Industry 4.0 leverages the Internet, IoT, big data, and AI to enable intelligent, digital, and flexible production.
Amid Industry 4.0, automated mechanical production lines evolve into intelligent systems, integrating equipment with information systems to boost flexibility and responsiveness.
However, the intelligent upgrade of automated production lines faces numerous challenges.
Integration of traditional automation with intelligent tech remains limited, as weak data transmission and processing hinder smart production line transformation.
Intelligent upgrades require deep integration of technology, equipment, and management, with hurdles in innovation and investment.
Thus, advancing intelligent upgrades of automated lines under Industry 4.0 has become an urgent challenge for manufacturing.
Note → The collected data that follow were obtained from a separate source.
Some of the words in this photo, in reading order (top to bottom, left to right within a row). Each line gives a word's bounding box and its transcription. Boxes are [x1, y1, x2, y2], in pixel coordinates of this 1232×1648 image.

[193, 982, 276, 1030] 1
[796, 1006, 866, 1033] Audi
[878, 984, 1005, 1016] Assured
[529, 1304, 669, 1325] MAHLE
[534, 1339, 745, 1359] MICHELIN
Upgrade Requirements for Automated Production Lines in Mechanical Manufacturing under Industrial 4.0
To meet the challenges of Industry 4.0, mechanical manufacturing enterprises must transform their traditional automated production lines into intelligent, flexible systems.
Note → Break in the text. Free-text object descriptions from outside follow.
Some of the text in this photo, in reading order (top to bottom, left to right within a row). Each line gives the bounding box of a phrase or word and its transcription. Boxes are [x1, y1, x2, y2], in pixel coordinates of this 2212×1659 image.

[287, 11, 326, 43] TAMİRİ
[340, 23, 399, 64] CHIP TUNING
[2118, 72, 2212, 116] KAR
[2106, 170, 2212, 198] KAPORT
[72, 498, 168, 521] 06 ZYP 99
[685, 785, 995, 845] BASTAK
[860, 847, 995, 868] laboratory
This transformation involves not only upgrading equipment and integrating advanced technologies but also addressing operational inefficiencies that limit production capacity.
The following section explores the primary driver behind such upgrades: the need to enhance production efficiency.
Demand for Enhanced Production Efficiency
The need to boost production efficiency serves as the core driver for the intelligent upgrade of automated production lines in mechanical manufacturing.
Amid intensifying market competition, manufacturing enterprises must accomplish more production tasks within the same timeframe.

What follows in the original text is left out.